* **Problem to work on**: Copy out the line that contains "this 1344×1134 image." and the lines after it through the final one in the entries below, exactly, with no other lines.

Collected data
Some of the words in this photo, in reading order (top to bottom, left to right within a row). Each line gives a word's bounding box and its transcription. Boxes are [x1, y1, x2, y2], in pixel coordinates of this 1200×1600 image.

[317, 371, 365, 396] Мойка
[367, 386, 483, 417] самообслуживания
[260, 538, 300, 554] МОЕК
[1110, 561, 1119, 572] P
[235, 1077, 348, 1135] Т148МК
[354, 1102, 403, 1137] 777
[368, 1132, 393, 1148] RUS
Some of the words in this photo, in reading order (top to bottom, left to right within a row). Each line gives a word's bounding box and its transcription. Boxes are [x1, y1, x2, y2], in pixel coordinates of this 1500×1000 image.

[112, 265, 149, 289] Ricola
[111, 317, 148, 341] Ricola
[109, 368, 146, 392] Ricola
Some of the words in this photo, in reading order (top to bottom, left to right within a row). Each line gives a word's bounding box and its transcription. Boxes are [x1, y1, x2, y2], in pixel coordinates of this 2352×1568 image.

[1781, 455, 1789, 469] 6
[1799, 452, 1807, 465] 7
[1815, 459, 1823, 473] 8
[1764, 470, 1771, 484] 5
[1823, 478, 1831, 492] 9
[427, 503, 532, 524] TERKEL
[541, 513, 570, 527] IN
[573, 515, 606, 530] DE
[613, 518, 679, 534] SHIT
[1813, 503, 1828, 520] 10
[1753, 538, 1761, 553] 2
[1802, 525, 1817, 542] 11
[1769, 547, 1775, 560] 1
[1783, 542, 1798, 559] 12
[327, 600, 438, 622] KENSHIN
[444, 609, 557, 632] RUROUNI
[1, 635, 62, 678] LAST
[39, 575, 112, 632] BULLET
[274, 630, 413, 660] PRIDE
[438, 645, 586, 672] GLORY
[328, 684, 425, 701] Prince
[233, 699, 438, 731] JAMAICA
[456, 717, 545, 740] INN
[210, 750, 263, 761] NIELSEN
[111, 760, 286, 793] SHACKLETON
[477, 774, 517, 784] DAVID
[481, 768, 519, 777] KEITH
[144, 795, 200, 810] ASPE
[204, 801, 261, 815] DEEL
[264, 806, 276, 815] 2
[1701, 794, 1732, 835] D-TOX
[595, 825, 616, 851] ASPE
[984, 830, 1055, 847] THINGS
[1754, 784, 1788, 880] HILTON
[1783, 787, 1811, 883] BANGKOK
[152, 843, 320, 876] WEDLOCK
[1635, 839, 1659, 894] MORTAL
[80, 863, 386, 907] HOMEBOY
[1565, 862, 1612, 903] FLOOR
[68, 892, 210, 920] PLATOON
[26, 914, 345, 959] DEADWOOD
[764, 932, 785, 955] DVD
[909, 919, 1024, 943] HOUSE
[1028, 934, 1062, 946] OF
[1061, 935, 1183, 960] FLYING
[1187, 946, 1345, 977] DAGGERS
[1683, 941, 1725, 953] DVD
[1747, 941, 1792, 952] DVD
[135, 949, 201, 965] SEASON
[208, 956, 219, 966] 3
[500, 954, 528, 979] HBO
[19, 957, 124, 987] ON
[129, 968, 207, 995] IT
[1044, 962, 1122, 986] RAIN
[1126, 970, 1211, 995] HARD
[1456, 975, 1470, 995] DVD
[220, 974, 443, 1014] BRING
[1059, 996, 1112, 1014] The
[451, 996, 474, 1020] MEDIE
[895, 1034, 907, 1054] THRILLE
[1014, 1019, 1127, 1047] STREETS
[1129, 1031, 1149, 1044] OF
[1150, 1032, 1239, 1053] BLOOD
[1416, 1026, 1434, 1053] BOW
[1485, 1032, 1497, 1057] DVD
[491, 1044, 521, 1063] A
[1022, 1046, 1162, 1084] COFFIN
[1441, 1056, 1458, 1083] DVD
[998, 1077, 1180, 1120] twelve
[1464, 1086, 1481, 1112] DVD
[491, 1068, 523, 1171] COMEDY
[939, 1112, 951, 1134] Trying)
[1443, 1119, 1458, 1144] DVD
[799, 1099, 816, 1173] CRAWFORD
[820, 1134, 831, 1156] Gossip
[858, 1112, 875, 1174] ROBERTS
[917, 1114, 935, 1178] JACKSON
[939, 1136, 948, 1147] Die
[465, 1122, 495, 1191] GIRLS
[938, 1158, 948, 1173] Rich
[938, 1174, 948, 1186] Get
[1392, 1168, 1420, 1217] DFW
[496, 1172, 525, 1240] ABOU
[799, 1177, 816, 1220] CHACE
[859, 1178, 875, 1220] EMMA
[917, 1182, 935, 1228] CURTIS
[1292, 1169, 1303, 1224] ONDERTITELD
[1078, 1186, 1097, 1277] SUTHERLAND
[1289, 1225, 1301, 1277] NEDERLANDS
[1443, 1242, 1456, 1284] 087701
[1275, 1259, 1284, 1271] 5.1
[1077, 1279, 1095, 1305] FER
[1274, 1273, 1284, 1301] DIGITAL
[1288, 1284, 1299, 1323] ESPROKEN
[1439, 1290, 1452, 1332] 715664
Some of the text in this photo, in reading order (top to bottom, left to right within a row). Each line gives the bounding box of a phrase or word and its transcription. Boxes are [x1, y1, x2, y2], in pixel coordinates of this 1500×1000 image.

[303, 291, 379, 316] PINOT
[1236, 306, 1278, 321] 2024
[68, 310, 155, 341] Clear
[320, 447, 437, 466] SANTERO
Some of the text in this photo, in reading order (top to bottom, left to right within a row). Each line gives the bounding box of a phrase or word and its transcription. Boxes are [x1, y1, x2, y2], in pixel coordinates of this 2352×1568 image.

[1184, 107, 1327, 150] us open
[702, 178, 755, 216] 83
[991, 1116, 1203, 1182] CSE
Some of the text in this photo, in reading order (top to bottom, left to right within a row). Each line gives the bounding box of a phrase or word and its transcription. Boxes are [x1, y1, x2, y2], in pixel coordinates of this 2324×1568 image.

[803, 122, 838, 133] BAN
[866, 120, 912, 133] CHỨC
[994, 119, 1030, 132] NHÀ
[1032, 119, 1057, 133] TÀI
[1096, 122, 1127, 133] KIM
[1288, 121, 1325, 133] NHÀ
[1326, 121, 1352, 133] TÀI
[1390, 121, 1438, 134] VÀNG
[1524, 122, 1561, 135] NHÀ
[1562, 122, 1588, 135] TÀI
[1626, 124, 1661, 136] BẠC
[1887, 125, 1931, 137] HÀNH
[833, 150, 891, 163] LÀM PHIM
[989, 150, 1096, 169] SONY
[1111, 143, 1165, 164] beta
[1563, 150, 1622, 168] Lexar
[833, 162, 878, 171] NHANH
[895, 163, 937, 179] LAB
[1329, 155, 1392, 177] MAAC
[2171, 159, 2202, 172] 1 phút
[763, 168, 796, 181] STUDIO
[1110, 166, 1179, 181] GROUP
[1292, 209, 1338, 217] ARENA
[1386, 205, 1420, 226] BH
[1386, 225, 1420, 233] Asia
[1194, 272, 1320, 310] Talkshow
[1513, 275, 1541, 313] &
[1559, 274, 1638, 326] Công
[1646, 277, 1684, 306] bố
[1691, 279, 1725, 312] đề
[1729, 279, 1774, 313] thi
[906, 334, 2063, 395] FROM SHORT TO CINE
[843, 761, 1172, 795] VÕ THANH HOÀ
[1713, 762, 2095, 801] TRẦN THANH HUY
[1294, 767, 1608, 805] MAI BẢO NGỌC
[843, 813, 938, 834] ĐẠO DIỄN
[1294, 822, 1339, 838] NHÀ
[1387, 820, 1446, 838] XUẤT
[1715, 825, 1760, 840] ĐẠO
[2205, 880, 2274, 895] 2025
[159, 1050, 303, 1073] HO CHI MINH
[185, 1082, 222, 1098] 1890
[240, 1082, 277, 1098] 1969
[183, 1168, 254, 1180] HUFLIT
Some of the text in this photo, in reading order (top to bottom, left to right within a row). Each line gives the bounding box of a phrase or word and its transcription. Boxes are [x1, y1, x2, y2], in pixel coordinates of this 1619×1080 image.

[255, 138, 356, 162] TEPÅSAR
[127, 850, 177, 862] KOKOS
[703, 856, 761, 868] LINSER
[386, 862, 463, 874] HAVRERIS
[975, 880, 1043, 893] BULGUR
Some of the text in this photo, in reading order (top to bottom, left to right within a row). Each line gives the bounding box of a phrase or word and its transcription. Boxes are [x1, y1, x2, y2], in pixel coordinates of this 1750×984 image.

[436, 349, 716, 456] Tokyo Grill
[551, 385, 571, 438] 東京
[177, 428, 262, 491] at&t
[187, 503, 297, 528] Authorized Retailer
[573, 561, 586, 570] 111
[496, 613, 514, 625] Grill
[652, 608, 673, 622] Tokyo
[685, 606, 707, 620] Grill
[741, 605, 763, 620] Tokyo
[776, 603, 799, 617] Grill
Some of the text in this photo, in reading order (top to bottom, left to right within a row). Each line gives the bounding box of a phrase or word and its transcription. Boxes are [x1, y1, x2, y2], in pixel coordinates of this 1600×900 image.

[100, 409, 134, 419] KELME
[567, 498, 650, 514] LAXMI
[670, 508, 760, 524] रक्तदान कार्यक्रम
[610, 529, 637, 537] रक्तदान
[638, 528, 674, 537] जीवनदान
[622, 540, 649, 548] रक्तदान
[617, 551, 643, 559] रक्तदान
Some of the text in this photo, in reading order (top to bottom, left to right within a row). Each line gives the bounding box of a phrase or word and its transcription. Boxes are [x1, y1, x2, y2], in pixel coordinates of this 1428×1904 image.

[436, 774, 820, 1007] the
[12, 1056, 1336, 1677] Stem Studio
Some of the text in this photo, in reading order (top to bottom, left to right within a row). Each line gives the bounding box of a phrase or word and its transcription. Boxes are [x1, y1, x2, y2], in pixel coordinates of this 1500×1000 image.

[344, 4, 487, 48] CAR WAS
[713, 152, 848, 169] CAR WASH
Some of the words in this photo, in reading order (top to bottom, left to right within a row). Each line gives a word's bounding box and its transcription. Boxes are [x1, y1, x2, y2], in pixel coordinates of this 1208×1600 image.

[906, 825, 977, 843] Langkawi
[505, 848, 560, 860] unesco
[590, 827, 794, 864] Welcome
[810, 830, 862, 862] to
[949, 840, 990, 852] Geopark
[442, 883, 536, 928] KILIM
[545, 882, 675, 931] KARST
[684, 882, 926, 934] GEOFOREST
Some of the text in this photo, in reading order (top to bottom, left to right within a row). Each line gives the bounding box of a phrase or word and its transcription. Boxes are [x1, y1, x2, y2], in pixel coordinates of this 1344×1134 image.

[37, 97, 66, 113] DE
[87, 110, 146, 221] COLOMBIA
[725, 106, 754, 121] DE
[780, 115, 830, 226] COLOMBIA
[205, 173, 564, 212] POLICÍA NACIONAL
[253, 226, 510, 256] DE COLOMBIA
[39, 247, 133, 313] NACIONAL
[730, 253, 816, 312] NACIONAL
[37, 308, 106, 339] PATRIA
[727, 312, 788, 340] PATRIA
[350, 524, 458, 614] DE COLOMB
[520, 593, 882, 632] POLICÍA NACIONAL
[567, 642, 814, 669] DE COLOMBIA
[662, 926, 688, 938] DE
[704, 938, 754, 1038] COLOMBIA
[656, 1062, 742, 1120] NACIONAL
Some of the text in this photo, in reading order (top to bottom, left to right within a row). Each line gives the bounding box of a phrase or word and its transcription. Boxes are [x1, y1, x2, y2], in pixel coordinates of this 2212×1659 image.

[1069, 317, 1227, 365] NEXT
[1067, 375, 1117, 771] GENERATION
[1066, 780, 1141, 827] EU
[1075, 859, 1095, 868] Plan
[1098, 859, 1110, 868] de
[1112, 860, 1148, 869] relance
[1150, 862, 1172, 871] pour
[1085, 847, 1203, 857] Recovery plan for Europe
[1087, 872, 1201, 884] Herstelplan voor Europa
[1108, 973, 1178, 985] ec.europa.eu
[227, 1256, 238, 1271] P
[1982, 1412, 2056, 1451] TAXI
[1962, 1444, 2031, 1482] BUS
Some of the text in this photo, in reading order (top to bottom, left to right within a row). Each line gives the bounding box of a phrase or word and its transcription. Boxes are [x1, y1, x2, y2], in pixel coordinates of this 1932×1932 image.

* **Answer**:
Some of the text in this photo, in reading order (top to bottom, left to right within a row). Each line gives the bounding box of a phrase or word and its transcription. Boxes are [x1, y1, x2, y2], in pixel coordinates of this 1344×1134 image.

[37, 97, 66, 113] DE
[87, 110, 146, 221] COLOMBIA
[725, 106, 754, 121] DE
[780, 115, 830, 226] COLOMBIA
[205, 173, 564, 212] POLICÍA NACIONAL
[253, 226, 510, 256] DE COLOMBIA
[39, 247, 133, 313] NACIONAL
[730, 253, 816, 312] NACIONAL
[37, 308, 106, 339] PATRIA
[727, 312, 788, 340] PATRIA
[350, 524, 458, 614] DE COLOMB
[520, 593, 882, 632] POLICÍA NACIONAL
[567, 642, 814, 669] DE COLOMBIA
[662, 926, 688, 938] DE
[704, 938, 754, 1038] COLOMBIA
[656, 1062, 742, 1120] NACIONAL
Some of the text in this photo, in reading order (top to bottom, left to right within a row). Each line gives the bounding box of a phrase or word and its transcription. Boxes are [x1, y1, x2, y2], in pixel coordinates of this 2212×1659 image.

[1069, 317, 1227, 365] NEXT
[1067, 375, 1117, 771] GENERATION
[1066, 780, 1141, 827] EU
[1075, 859, 1095, 868] Plan
[1098, 859, 1110, 868] de
[1112, 860, 1148, 869] relance
[1150, 862, 1172, 871] pour
[1085, 847, 1203, 857] Recovery plan for Europe
[1087, 872, 1201, 884] Herstelplan voor Europa
[1108, 973, 1178, 985] ec.europa.eu
[227, 1256, 238, 1271] P
[1982, 1412, 2056, 1451] TAXI
[1962, 1444, 2031, 1482] BUS
Some of the text in this photo, in reading order (top to bottom, left to right within a row). Each line gives the bounding box of a phrase or word and its transcription. Boxes are [x1, y1, x2, y2], in pixel coordinates of this 1932×1932 image.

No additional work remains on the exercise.